§ **AIM OF THE EXERCISE**
For every entry below, give an exact repeat and leave out the pictures.

Free-text object descriptions:
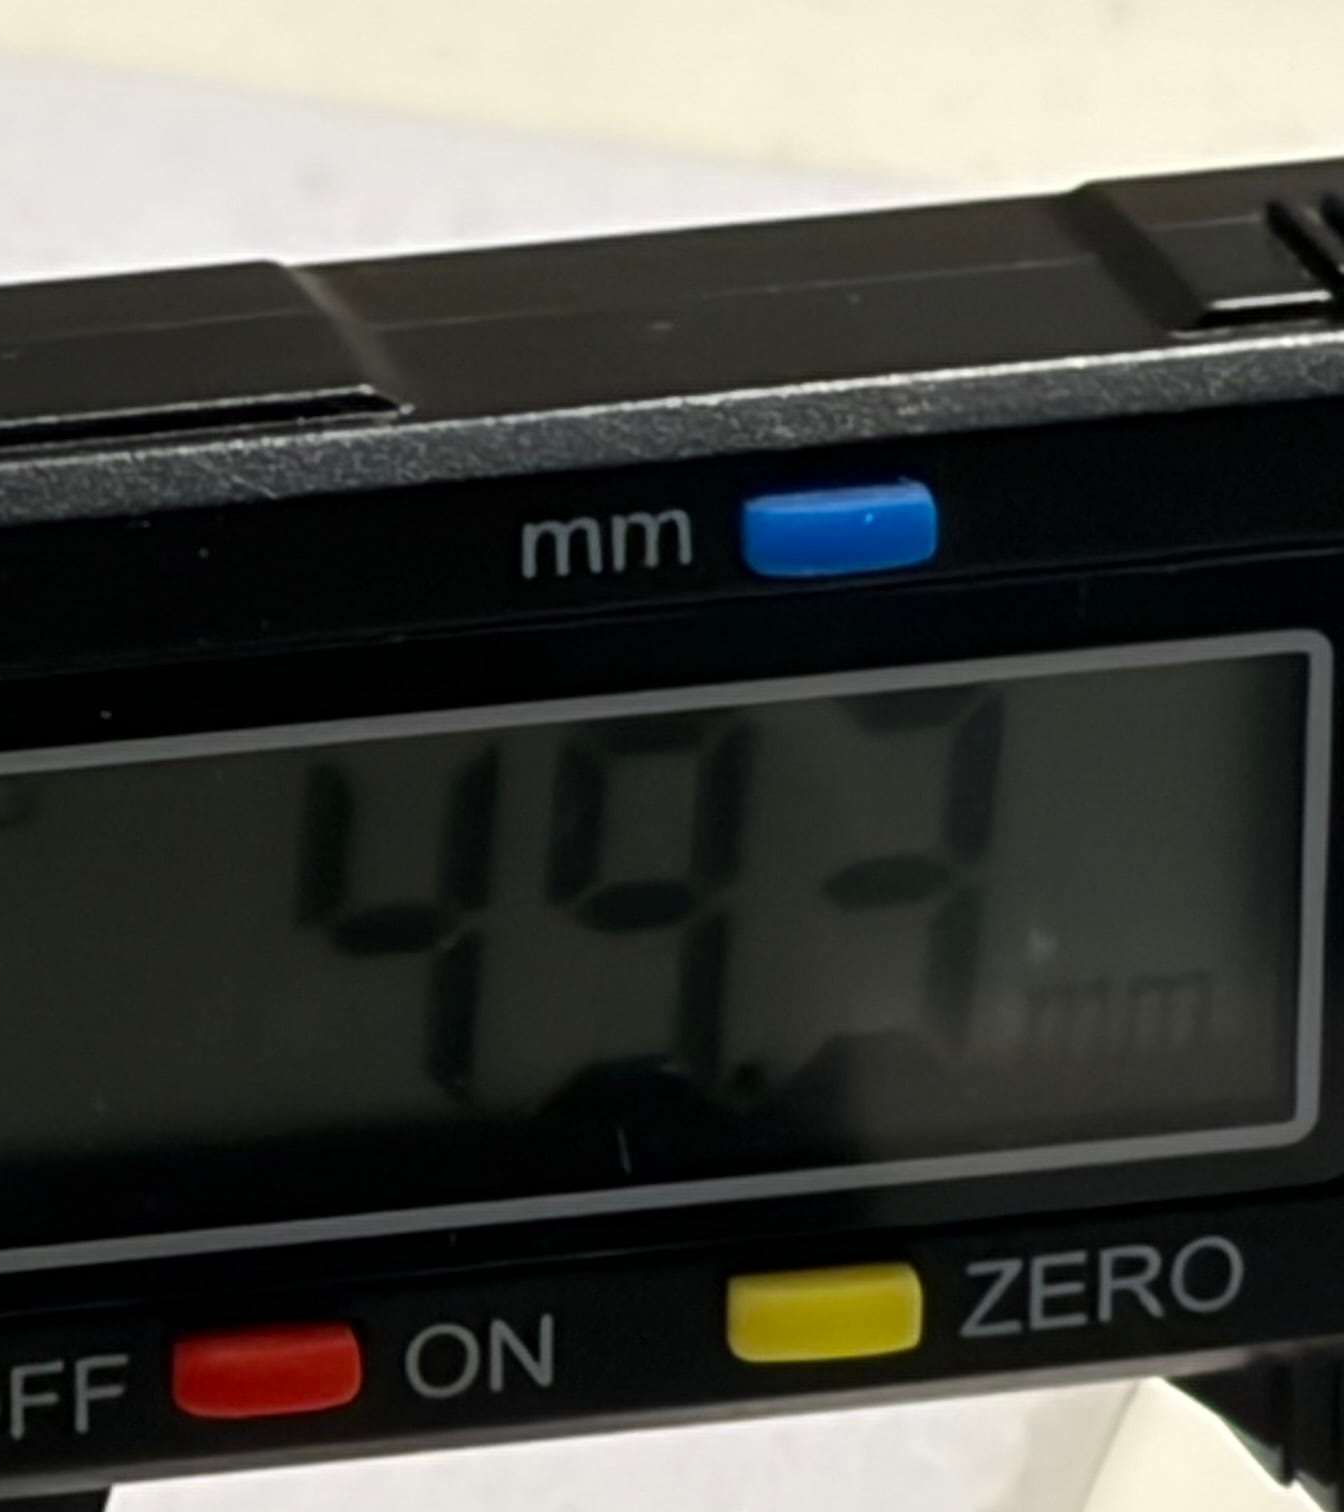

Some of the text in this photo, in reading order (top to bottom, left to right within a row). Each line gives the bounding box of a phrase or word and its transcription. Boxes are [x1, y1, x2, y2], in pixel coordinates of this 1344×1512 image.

[520, 507, 694, 578] mm
[959, 1234, 1246, 1339] ZERO
[403, 1313, 556, 1400] ON
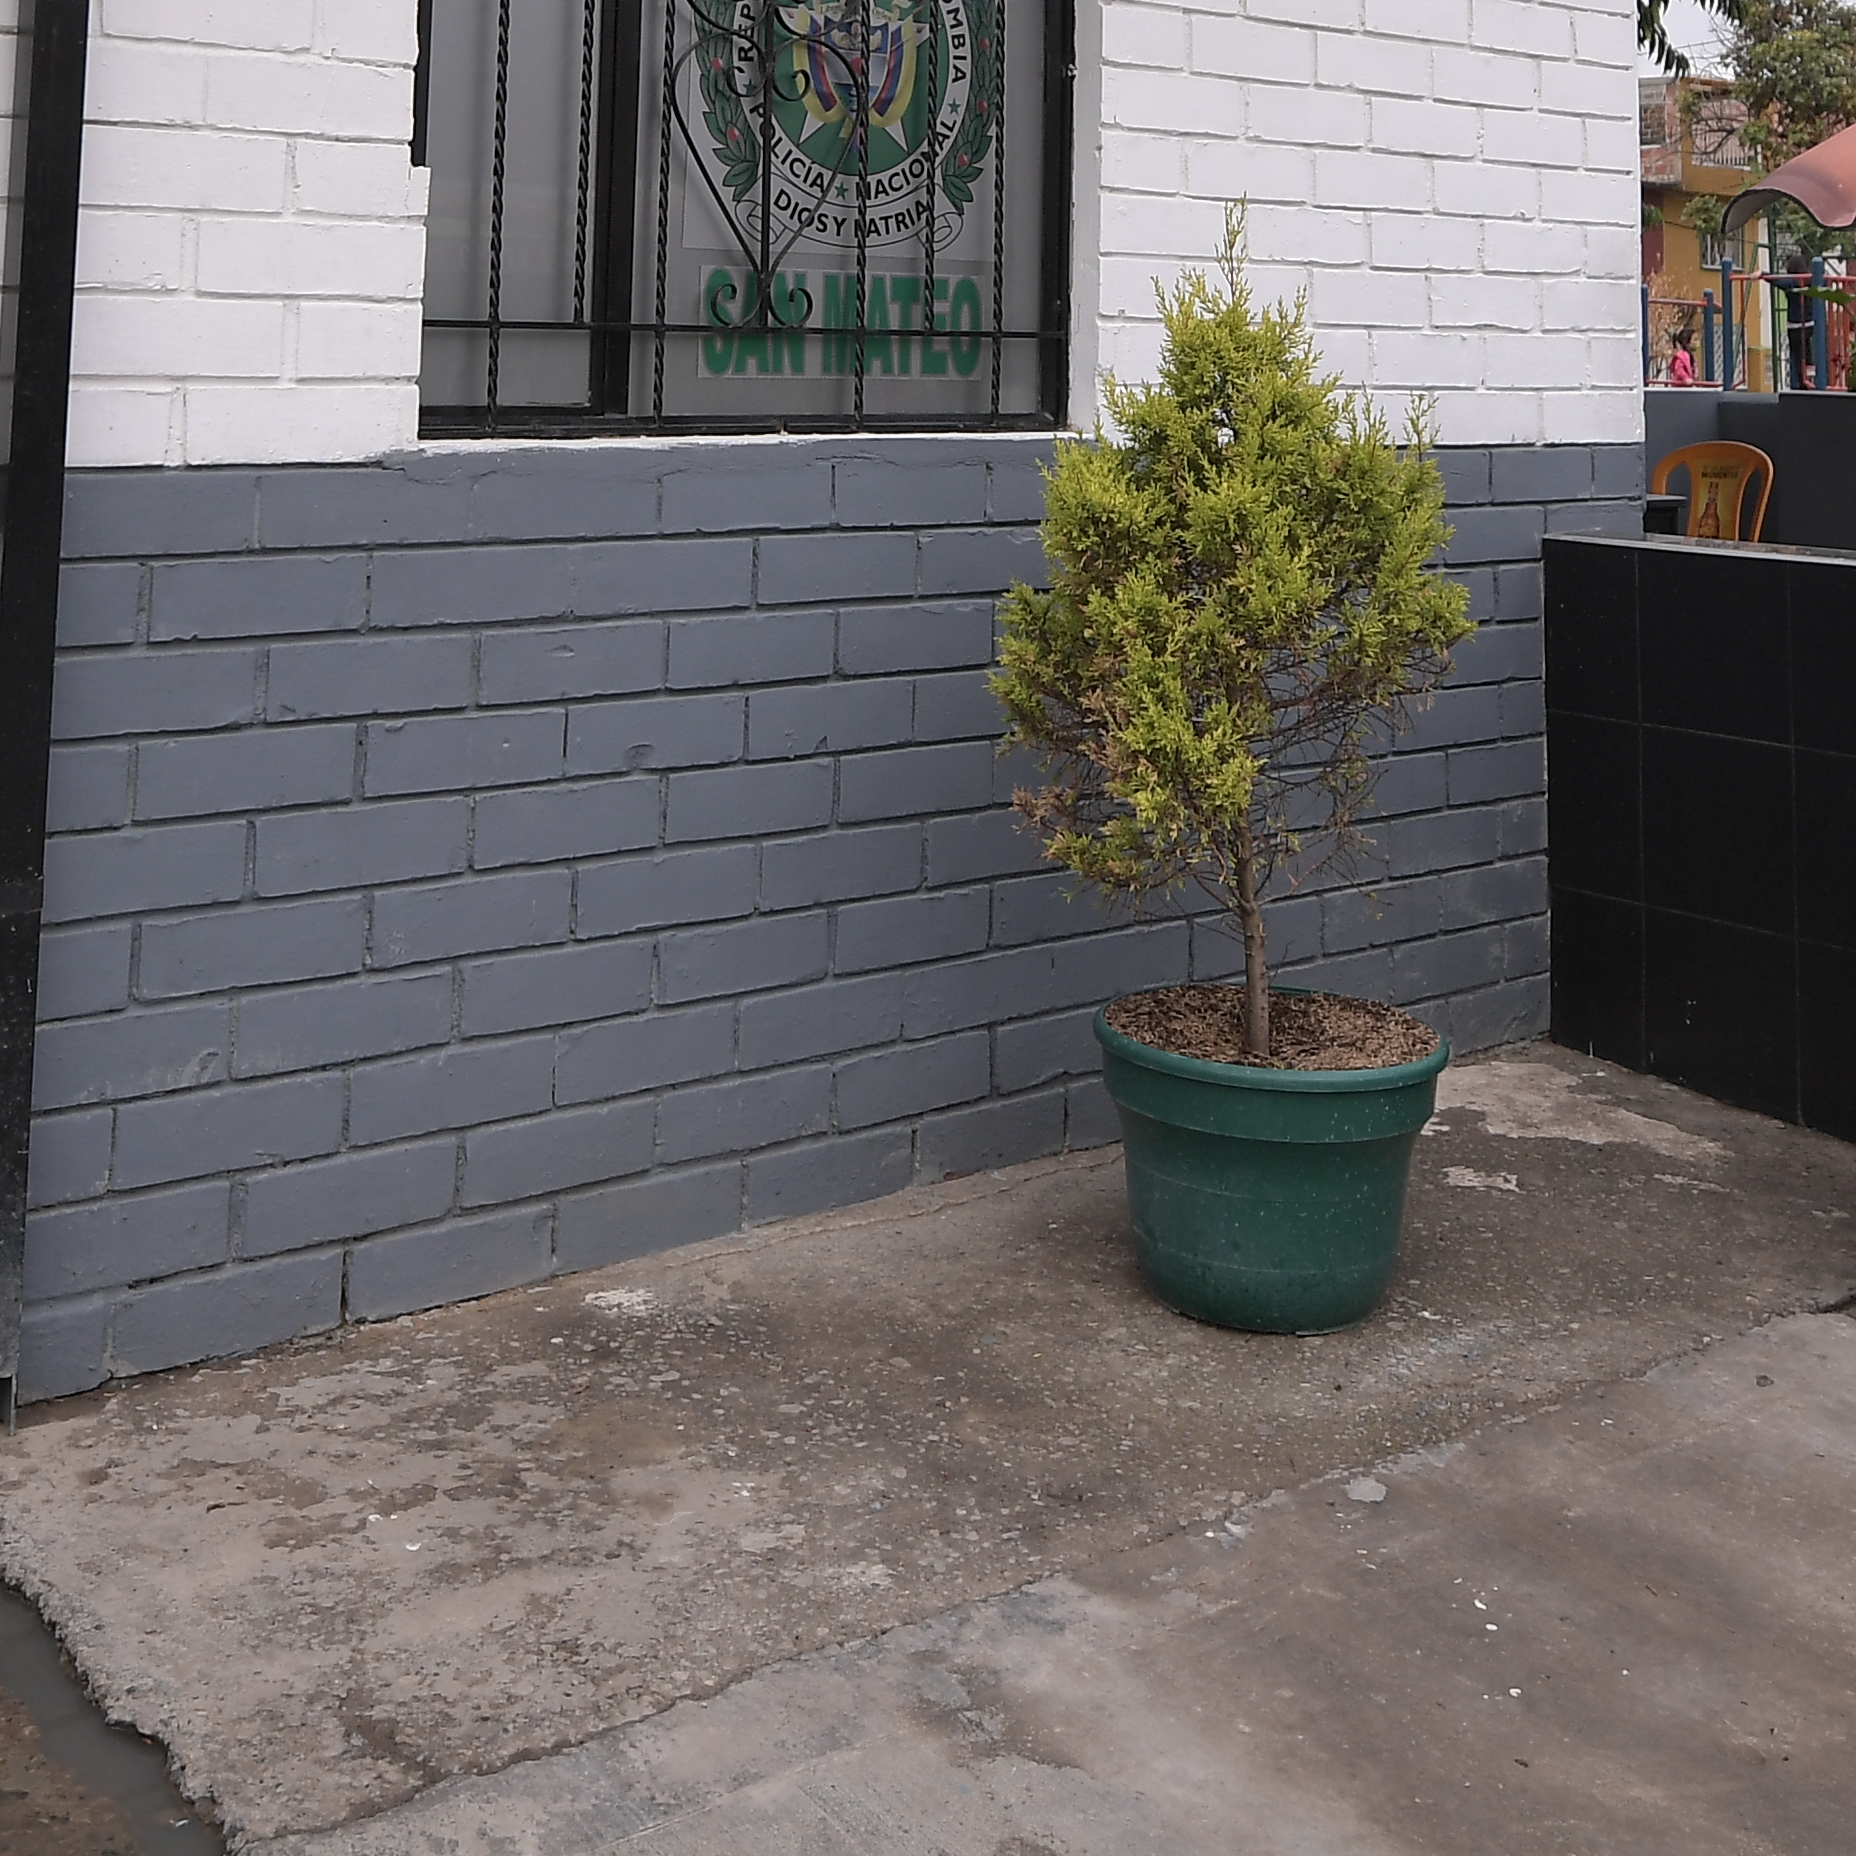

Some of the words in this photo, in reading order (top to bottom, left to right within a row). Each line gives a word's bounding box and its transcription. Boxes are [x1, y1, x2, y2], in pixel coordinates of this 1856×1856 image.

§ **TASK ANSWER**
Some of the text in this photo, in reading order (top to bottom, left to right within a row). Each line gives the bounding box of a phrase or word and its transcription. Boxes are [x1, y1, x2, y2], in pixel coordinates of this 1344×1512 image.

[520, 507, 694, 578] mm
[959, 1234, 1246, 1339] ZERO
[403, 1313, 556, 1400] ON

Some of the words in this photo, in reading order (top to bottom, left to right within a row). Each line gives a word's bounding box and its transcription. Boxes are [x1, y1, x2, y2], in pixel coordinates of this 1856×1856 image.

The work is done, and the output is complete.